Try it. Where the data below shows a picture, leave that picture out and copy the rest exactly.

Input data.
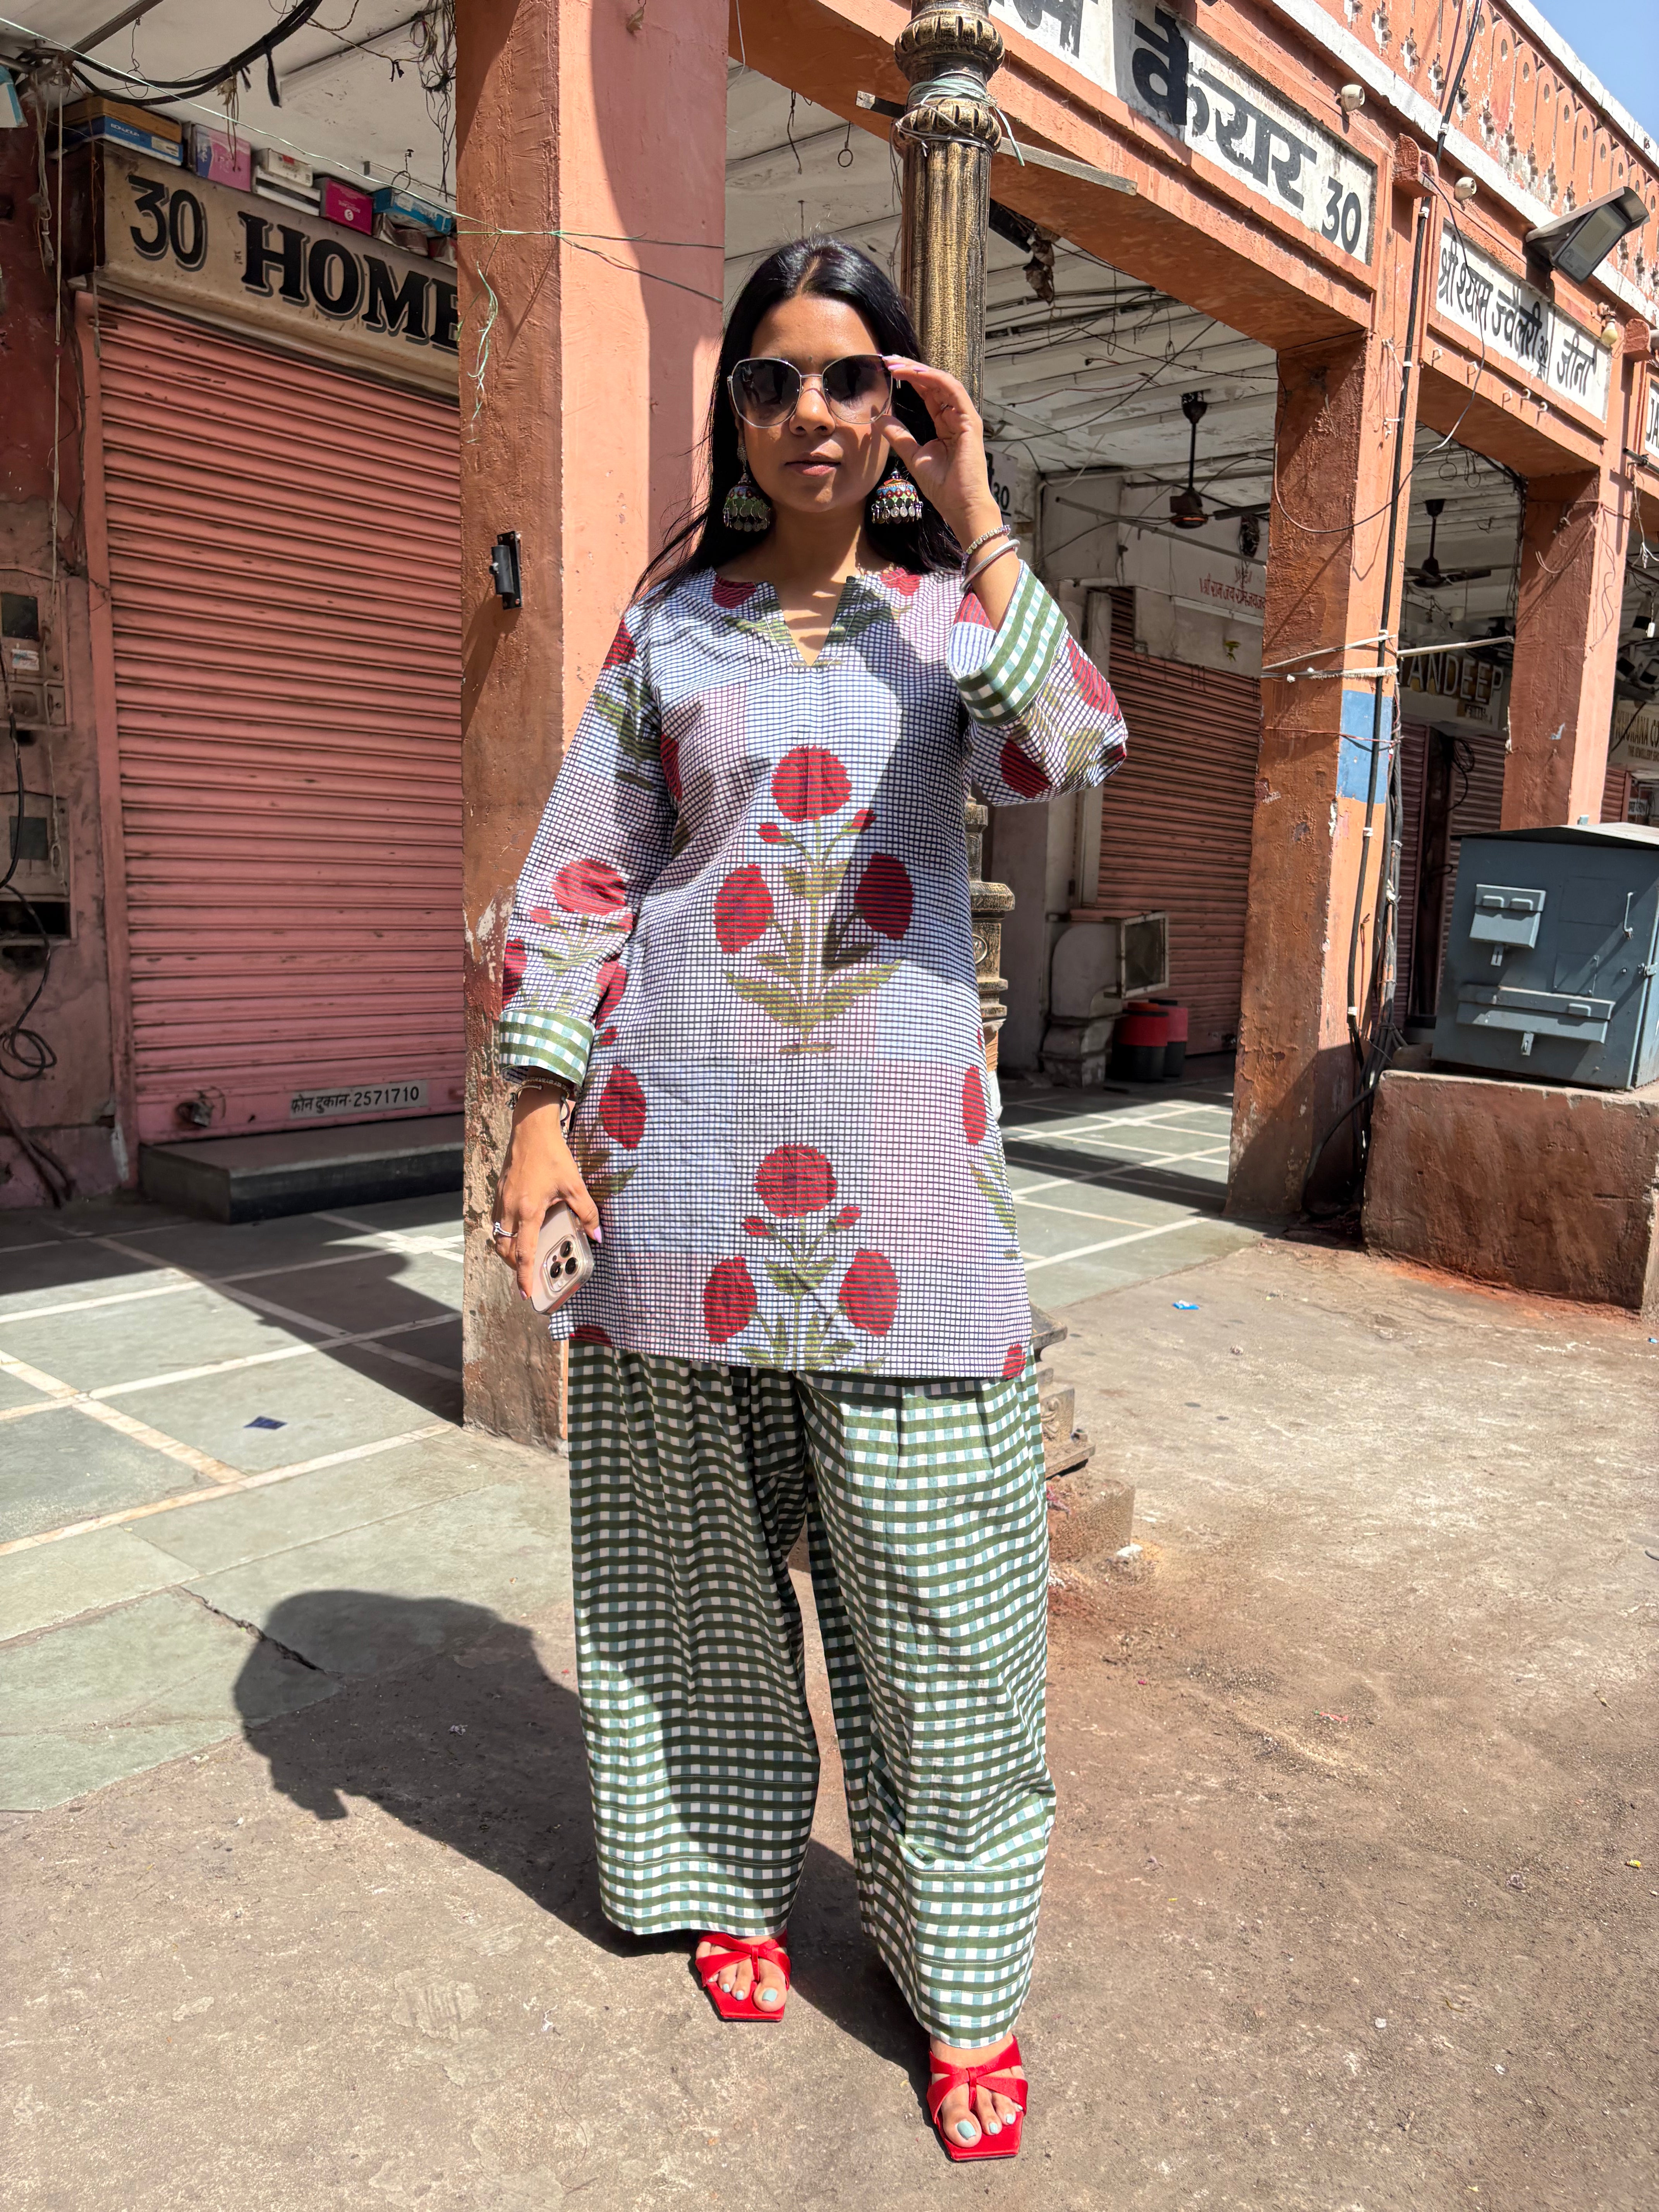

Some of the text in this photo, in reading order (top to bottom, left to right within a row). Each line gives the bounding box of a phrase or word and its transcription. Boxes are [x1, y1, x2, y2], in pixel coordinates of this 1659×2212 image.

[1321, 175, 1362, 254] 30
[128, 174, 459, 350] 30 HOME
[1438, 234, 1459, 307] श्री
[1456, 262, 1494, 331] श्याम
[1399, 649, 1504, 704] ANDEEP
[291, 1093, 313, 1113] फोन
[354, 1086, 419, 1107] 2571710
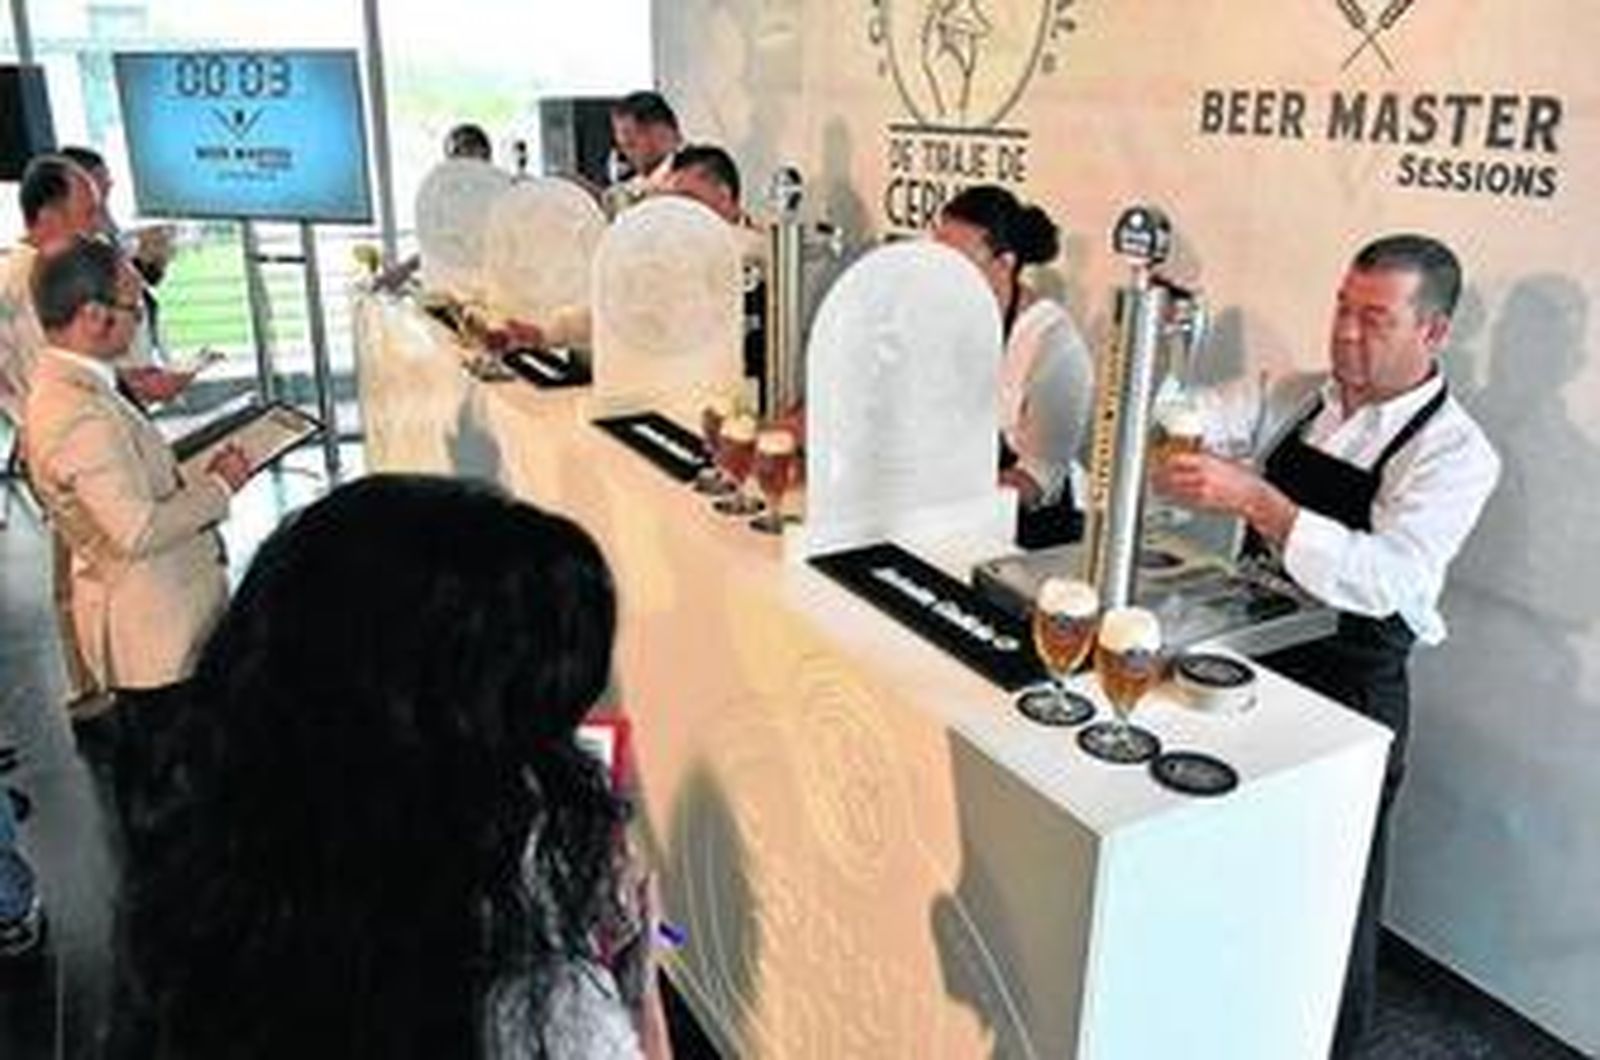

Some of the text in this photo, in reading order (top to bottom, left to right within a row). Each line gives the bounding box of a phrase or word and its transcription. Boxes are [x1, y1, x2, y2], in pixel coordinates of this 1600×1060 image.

Result of the exercise.
Some of the text in this photo, in reading order (top to bottom, left to right within a row). Each line gives the bounding box of a phrase or word and its transcription. Boxes are [x1, y1, x2, y2], in pixel coordinates of this 1659×2212 image.

[1321, 175, 1362, 254] 30
[128, 174, 459, 350] 30 HOME
[1438, 234, 1459, 307] श्री
[1456, 262, 1494, 331] श्याम
[1399, 649, 1504, 704] ANDEEP
[291, 1093, 313, 1113] फोन
[354, 1086, 419, 1107] 2571710

Some of the text in this photo, in reading order (top to bottom, left to right within a row). Each line gives the bounding box of a phrase or word and its transcription. Boxes are [x1, y1, x2, y2], in pixel coordinates of this 1600×1060 image.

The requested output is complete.